1. Carefully manage biospecimen accountability, chain of custody and quality.
2. Utilize software tools such as Labmatrix or related biospecimen management system to track biospecimens, identify discrepancies, verify and document consent and ensure compliant utilization of biospecimens by following written procedures.
3. Follow up and resolve discrepancies through communication with study team, sites or CROs/vendors within specified timeframes.
4. Provide regular reports and summaries of biospecimen tracking activity.
Bachelor s Degree preferably in the life sciences with 2-4 years clinical trial biospecimen management experience in a clinical/diagnostic laboratory or pharmaceutical/biotechnology R&D environment.
1. Ability to follow good clinical practices (GCP), standard operating procedures (SOPs) and working procedures (WPs).

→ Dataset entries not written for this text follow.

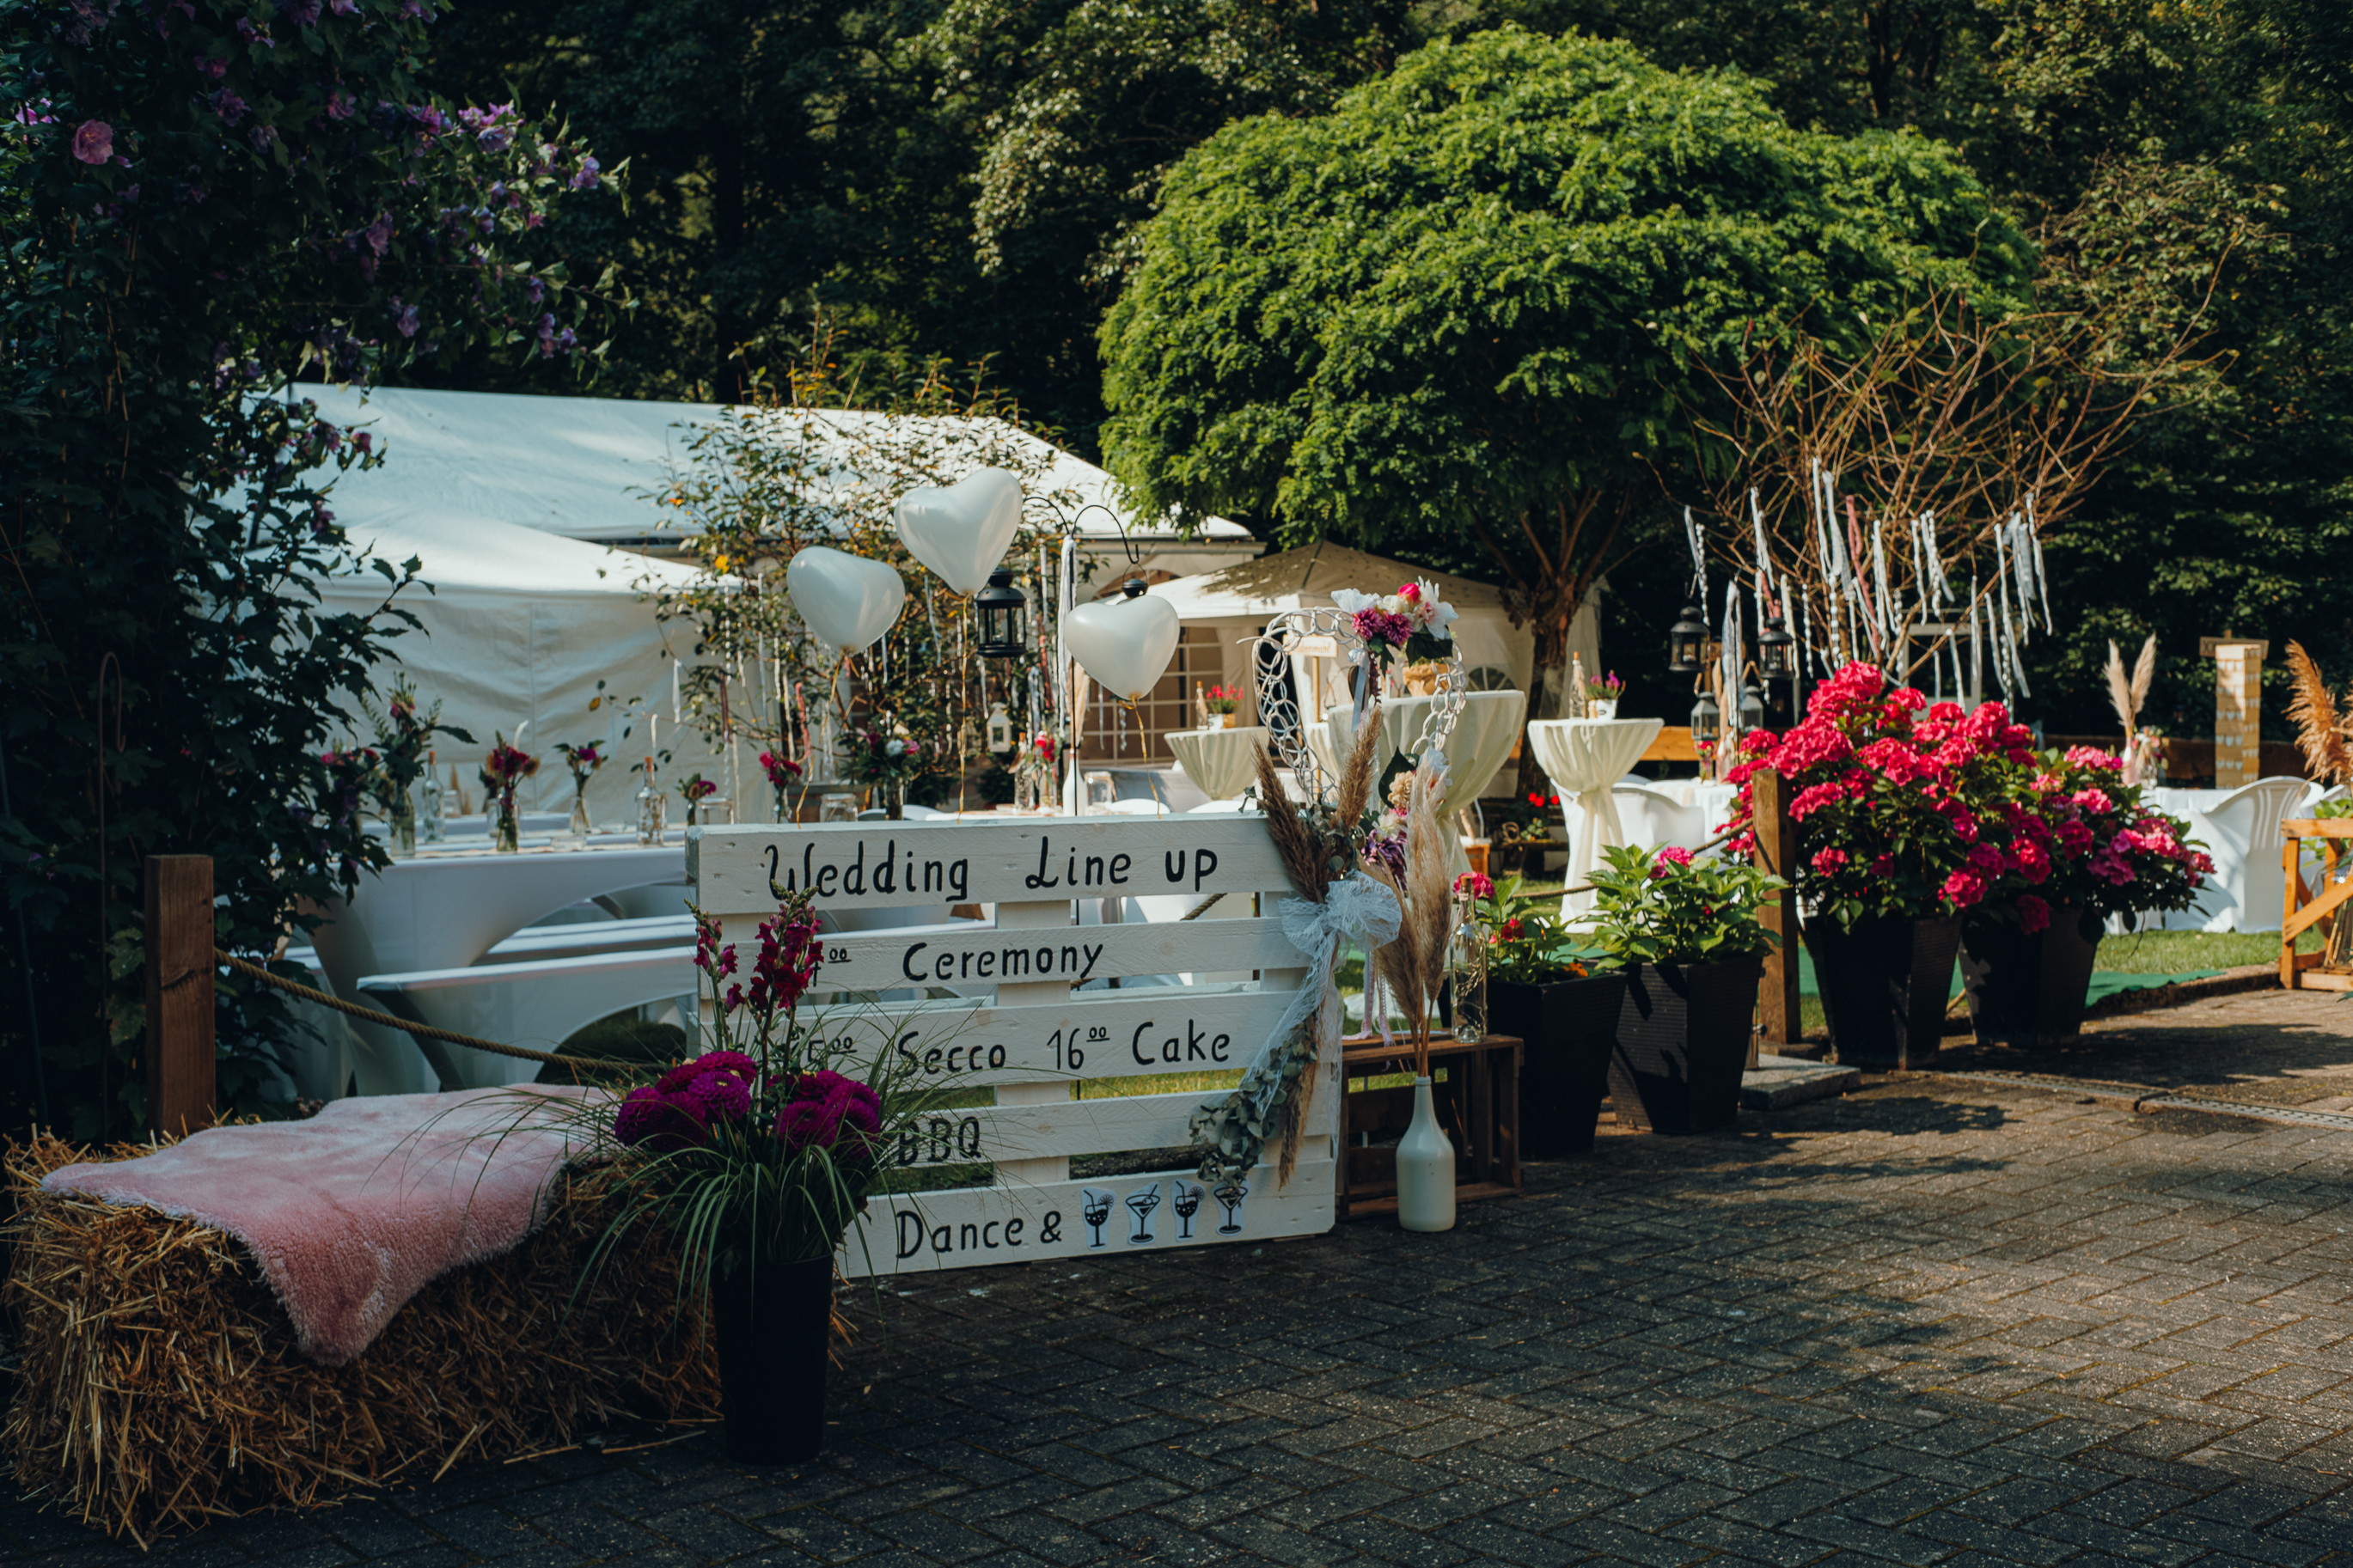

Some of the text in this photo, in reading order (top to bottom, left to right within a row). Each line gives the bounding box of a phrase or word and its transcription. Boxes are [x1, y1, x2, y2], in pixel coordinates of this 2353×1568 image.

[764, 835, 1219, 902] Wedding Line up
[902, 942, 1104, 982] Ceremony
[897, 1030, 1006, 1077] Secco
[1132, 1018, 1231, 1066] Cake
[897, 1115, 982, 1165] BBQ
[895, 1209, 1062, 1259] Dance &
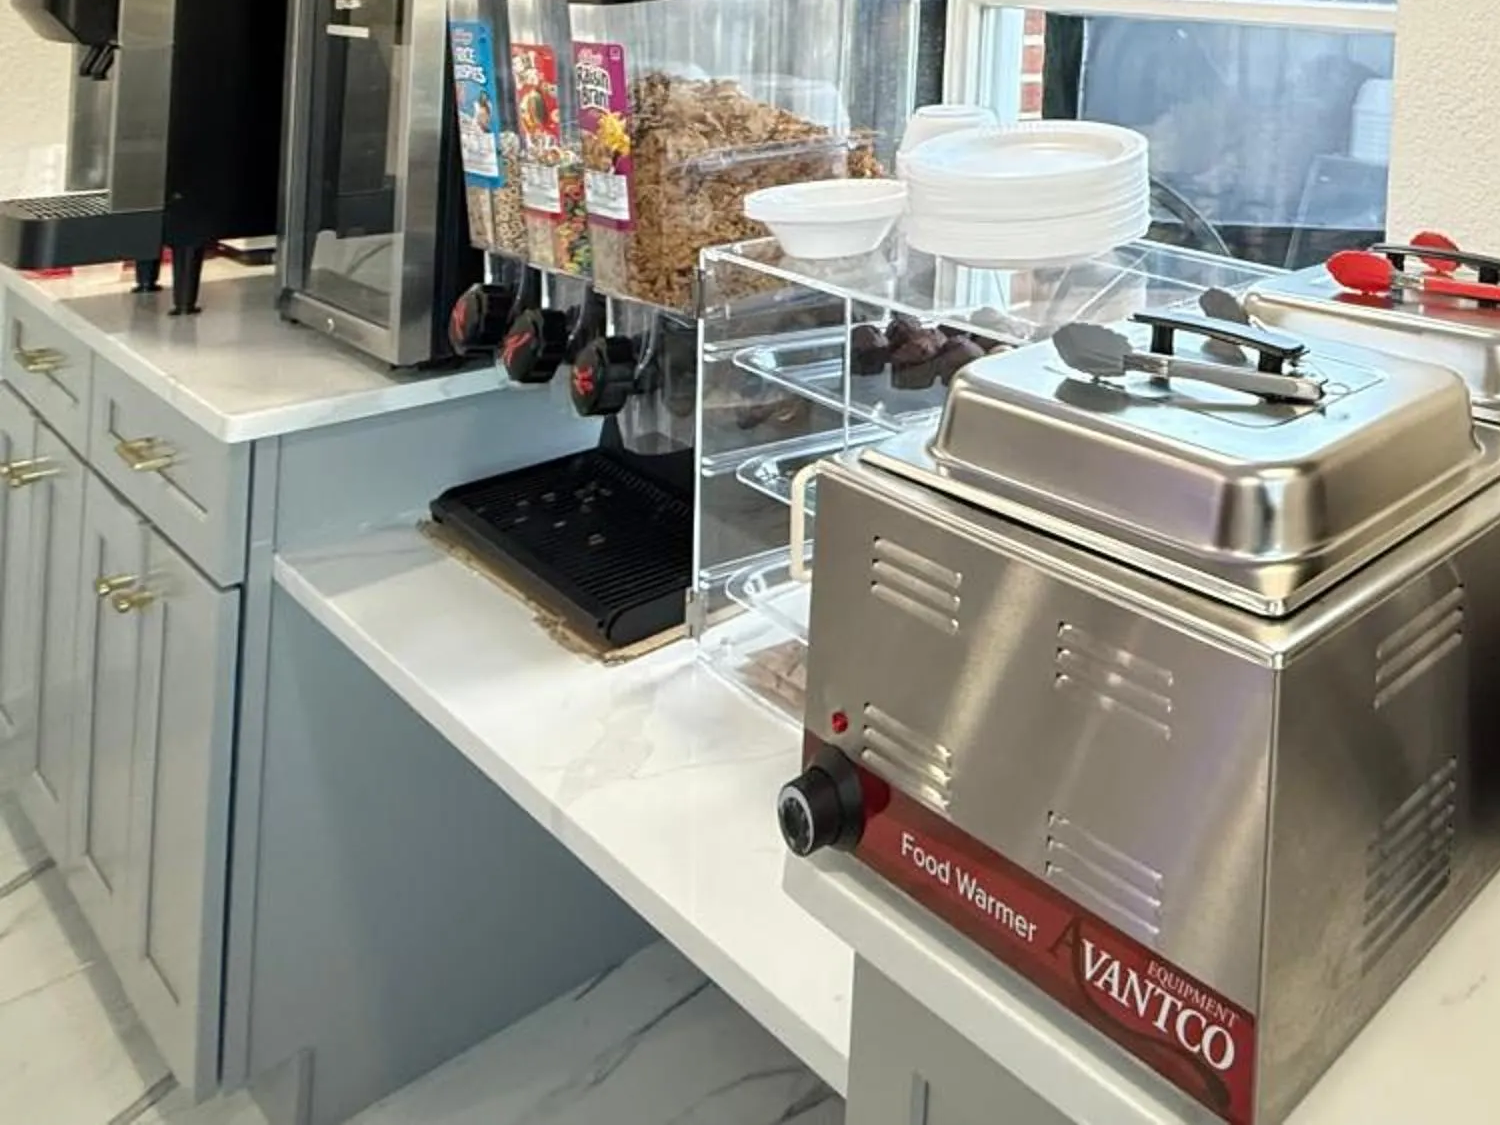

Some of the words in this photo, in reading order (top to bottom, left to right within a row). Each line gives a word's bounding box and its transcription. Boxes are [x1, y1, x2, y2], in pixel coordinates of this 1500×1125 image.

[901, 831, 951, 887] Food
[955, 867, 1038, 944] Warmer
[1146, 958, 1240, 1028] EQUIPMENT
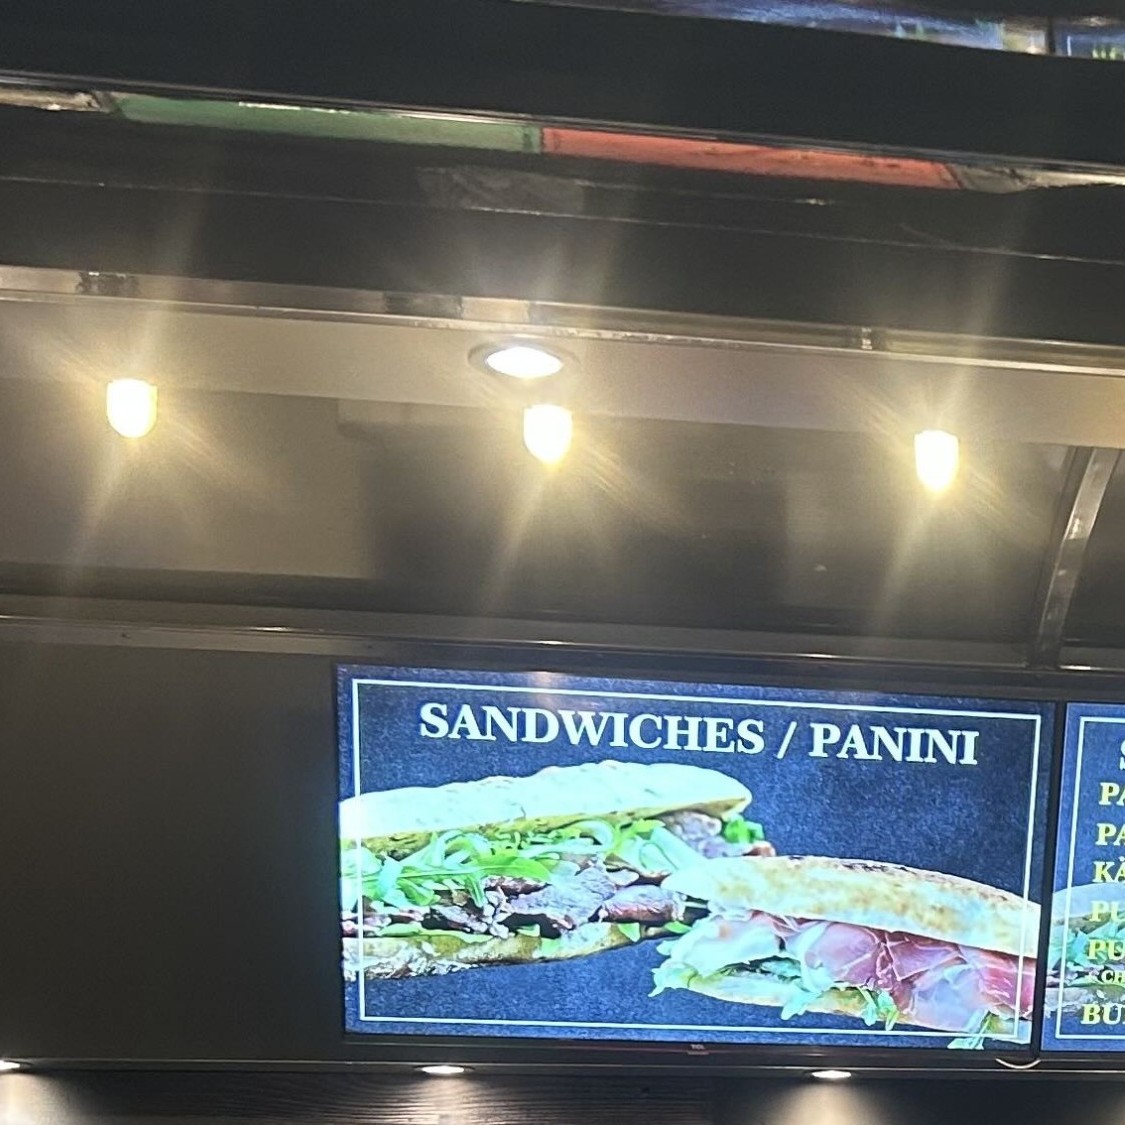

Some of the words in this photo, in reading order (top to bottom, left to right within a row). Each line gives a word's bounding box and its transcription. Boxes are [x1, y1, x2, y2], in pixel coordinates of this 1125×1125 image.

[419, 703, 765, 754] SANDWICHES
[776, 721, 798, 760] /
[808, 722, 979, 765] PANINI
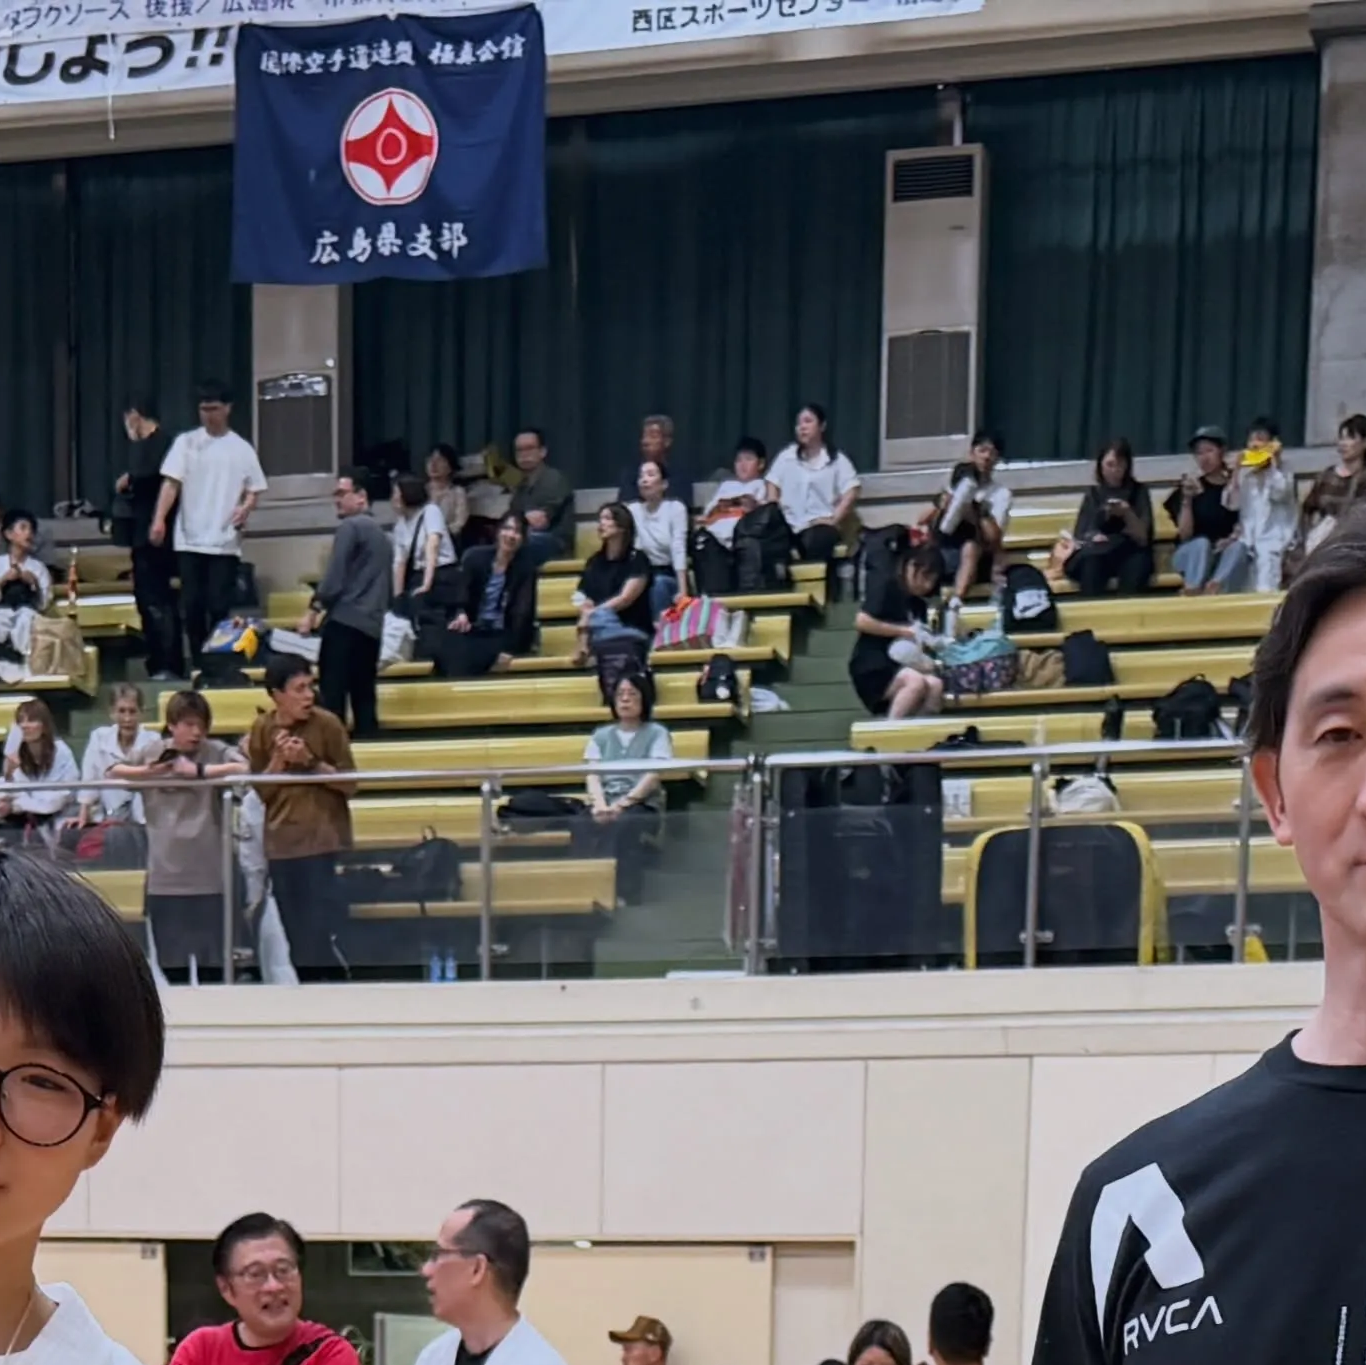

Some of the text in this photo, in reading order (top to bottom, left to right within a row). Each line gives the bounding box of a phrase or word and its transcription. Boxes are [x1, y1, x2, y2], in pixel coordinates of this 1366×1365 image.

2. Demonstrated understanding of basic principles in clinical research and biospecimen processing procedures involving blood and tumor biopsies.
3. Experience in working with clinical trial protocols and informed consent.
4. Detailed knowledge and experience in case report forms, EDC listings, central laboratories databases and query resolution
5. Awareness of global biobanking issues; basic experience in working in organizations adhering to quality standards.
6. Experience with Labmatrix, GSS or related sample management system is a plus.
7. Knowledge of at least one data management system experience with SAS data sets and conversion procedures is a plus.
8. Knowledge of MS Office program suite required.
9. Intermediate-level Excel is a plus.
10. Professional inter-personal skills and excellent oral/written communication.
11. Leadership skills in conflict management, facilitation and negotiation a plus.